Start of DATA UNDER STUDY

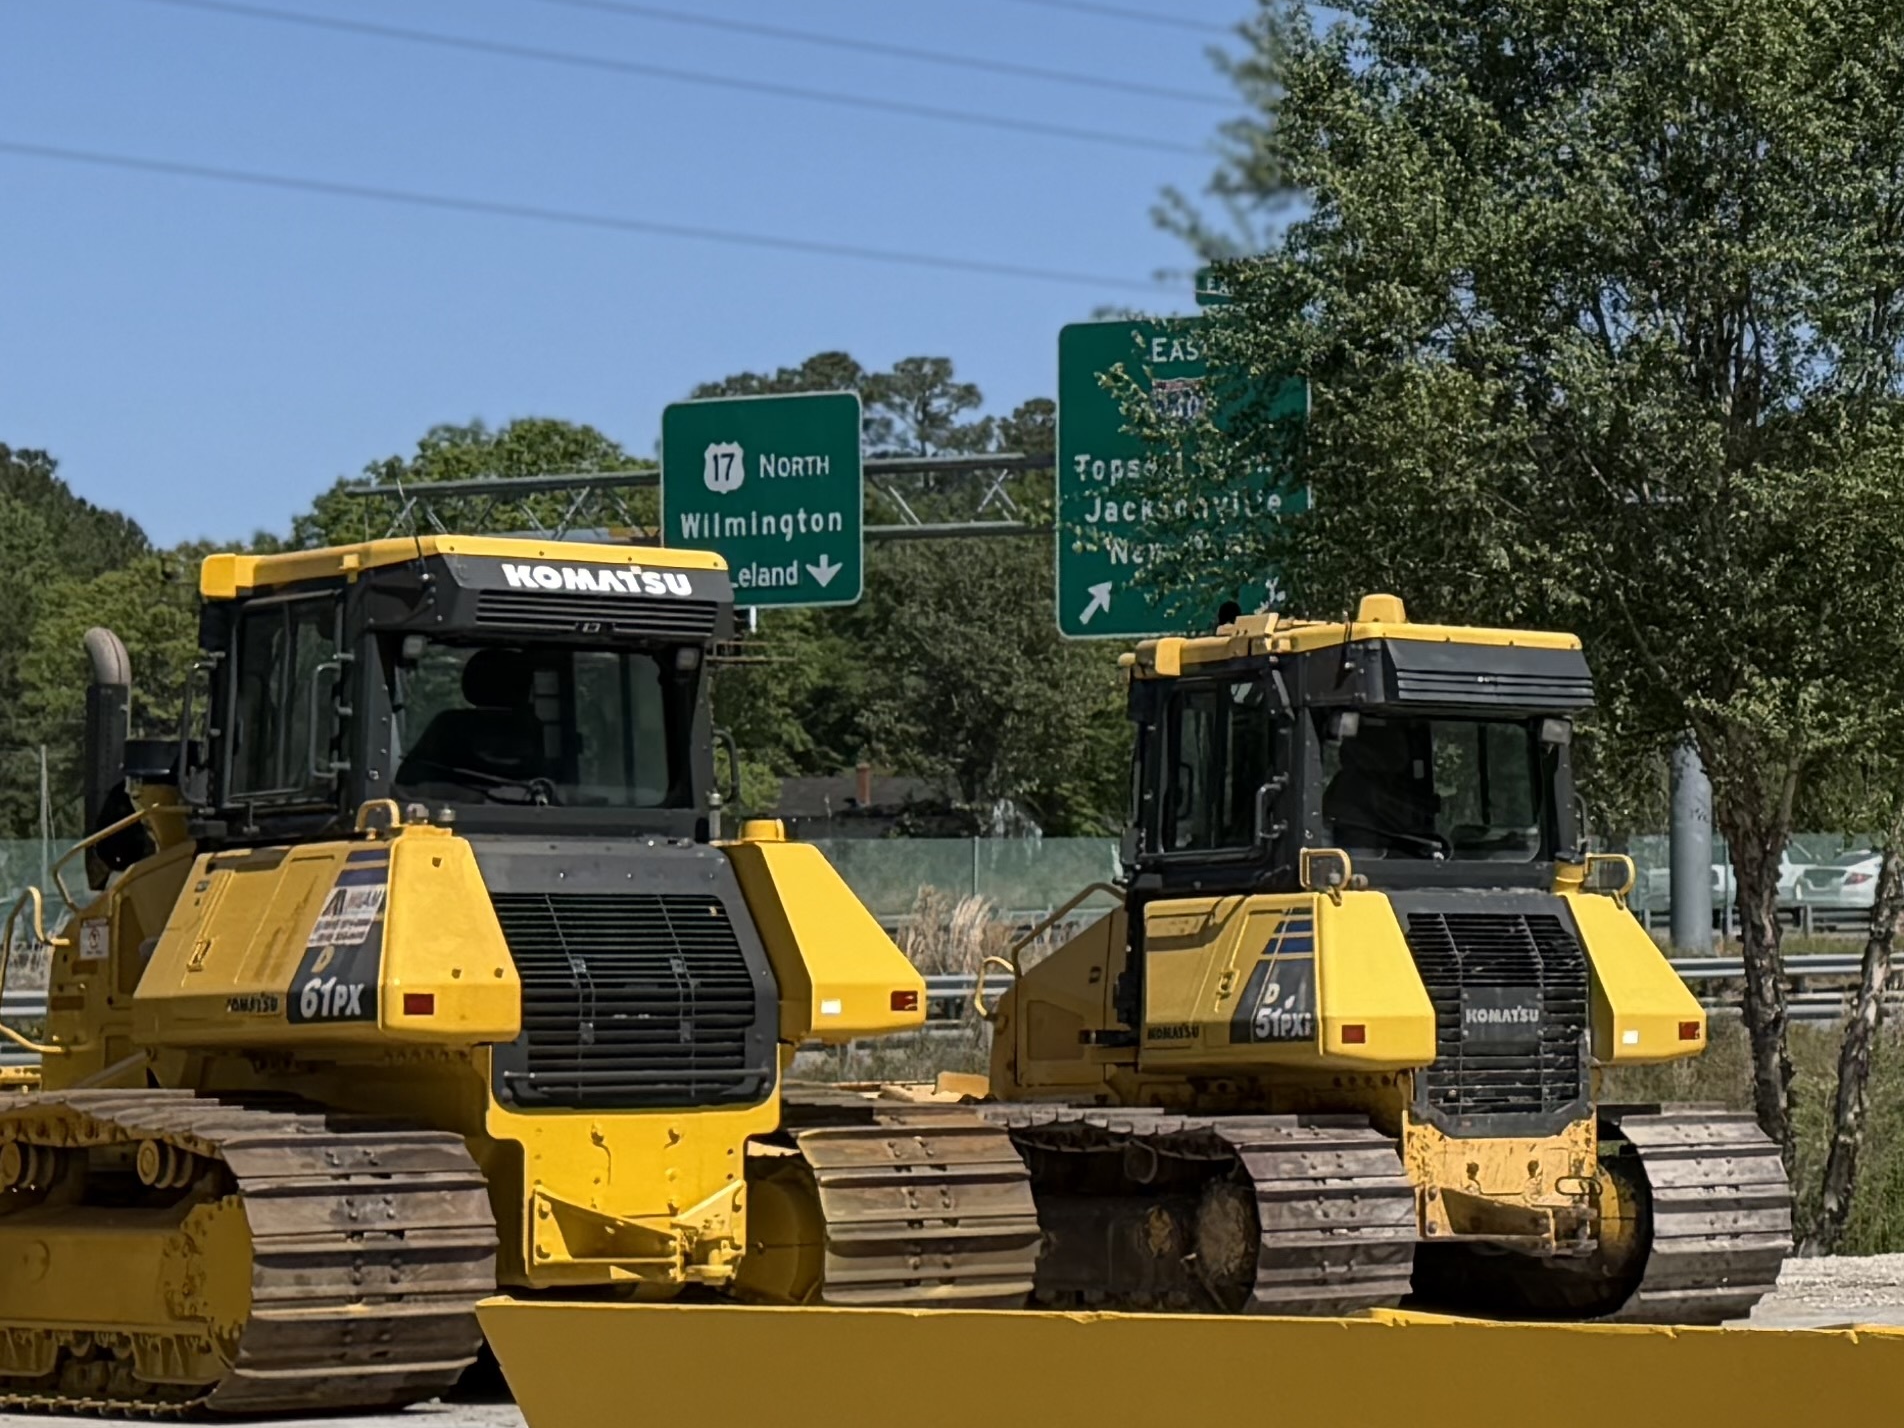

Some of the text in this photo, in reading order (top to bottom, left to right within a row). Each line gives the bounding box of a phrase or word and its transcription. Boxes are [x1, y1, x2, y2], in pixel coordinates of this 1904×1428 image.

[1152, 337, 1208, 363] EAS
[712, 453, 829, 481] 17 NORTH
[681, 508, 842, 542] Wilmington
[501, 564, 692, 596] KOMATSU
[310, 945, 336, 974] D
[300, 977, 365, 1019] 61PX
[1262, 982, 1281, 1005] D
[1465, 1005, 1539, 1024] KOMATSU
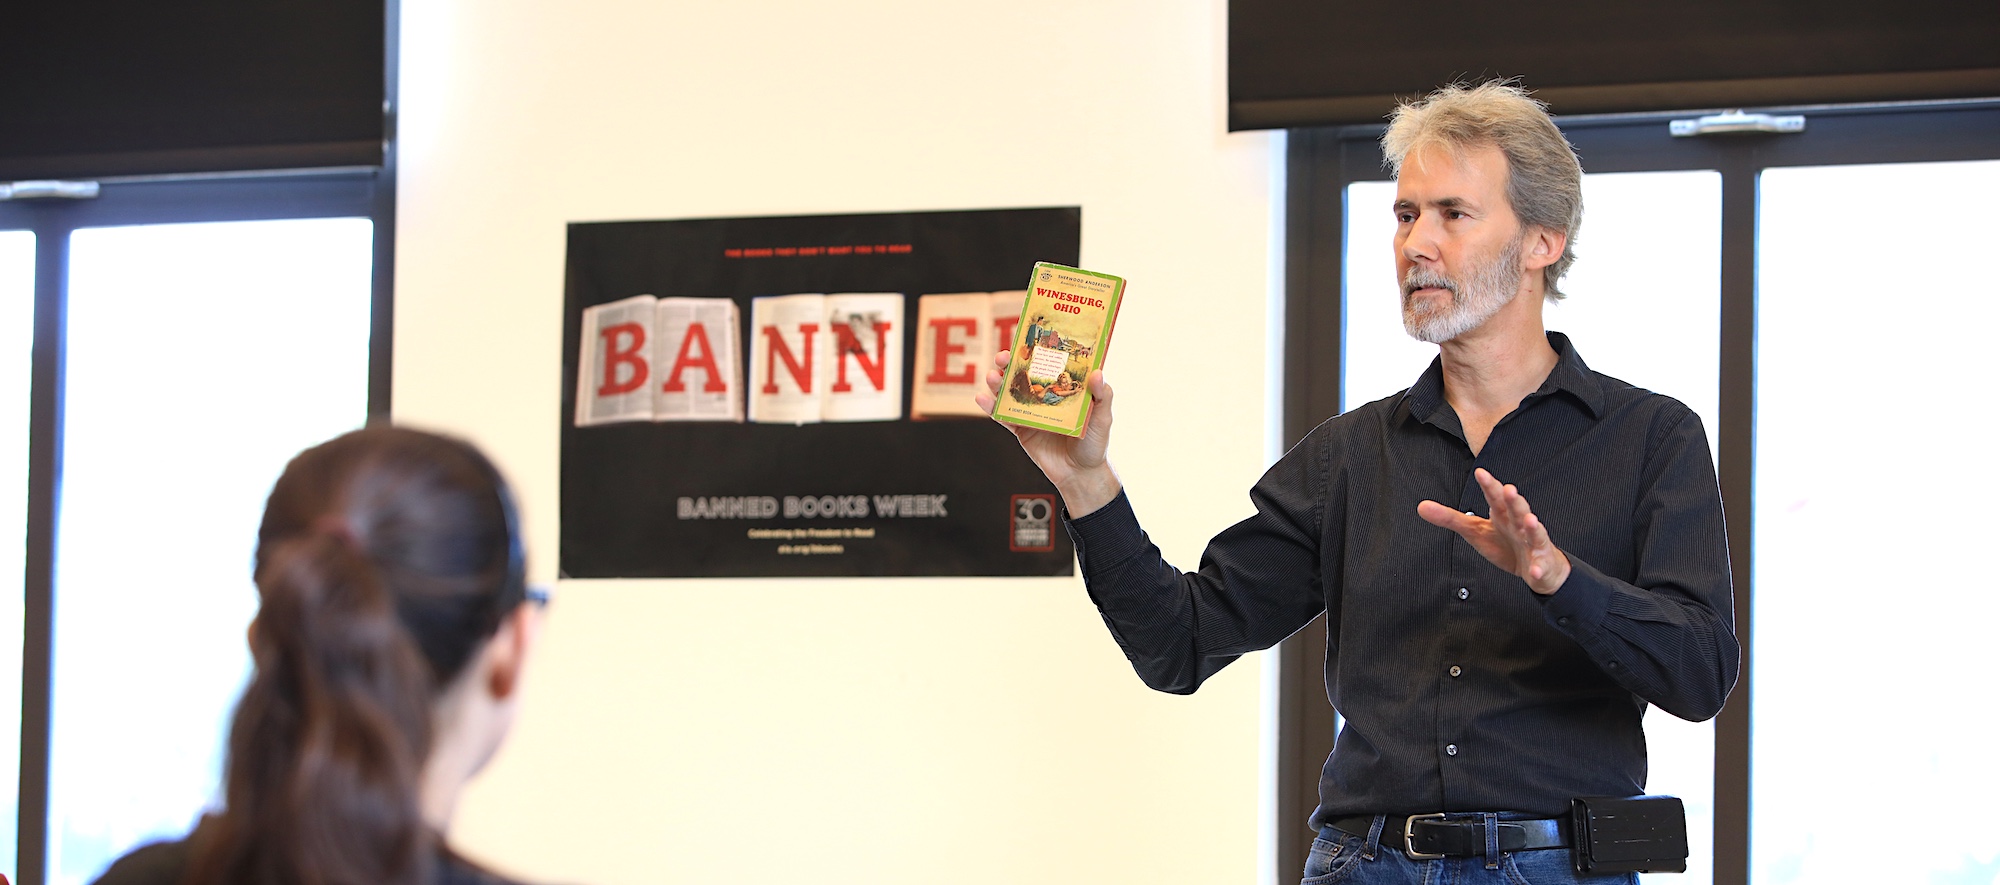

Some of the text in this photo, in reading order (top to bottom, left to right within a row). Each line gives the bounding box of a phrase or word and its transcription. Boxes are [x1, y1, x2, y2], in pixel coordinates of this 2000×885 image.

[1058, 274, 1084, 284] SHERWOOD
[1085, 279, 1111, 289] ANDERSON
[1036, 287, 1105, 310] WINESBURG,
[1053, 302, 1081, 314] OHIO
[677, 494, 948, 519] BANNED BOOKS WEEK
[1014, 498, 1052, 522] 30

End of DATA UNDER STUDY

### INSTRUCTIONS TO FOLLOW
Could you write out the records exactly while omitting every picture?

### RESPONSE
Some of the text in this photo, in reading order (top to bottom, left to right within a row). Each line gives the bounding box of a phrase or word and its transcription. Boxes are [x1, y1, x2, y2], in pixel coordinates of this 1904×1428 image.

[1152, 337, 1208, 363] EAS
[712, 453, 829, 481] 17 NORTH
[681, 508, 842, 542] Wilmington
[501, 564, 692, 596] KOMATSU
[310, 945, 336, 974] D
[300, 977, 365, 1019] 61PX
[1262, 982, 1281, 1005] D
[1465, 1005, 1539, 1024] KOMATSU

Some of the text in this photo, in reading order (top to bottom, left to right within a row). Each line gives the bounding box of a phrase or word and its transcription. Boxes are [x1, y1, x2, y2], in pixel coordinates of this 2000×885 image.

[1058, 274, 1084, 284] SHERWOOD
[1085, 279, 1111, 289] ANDERSON
[1036, 287, 1105, 310] WINESBURG,
[1053, 302, 1081, 314] OHIO
[677, 494, 948, 519] BANNED BOOKS WEEK
[1014, 498, 1052, 522] 30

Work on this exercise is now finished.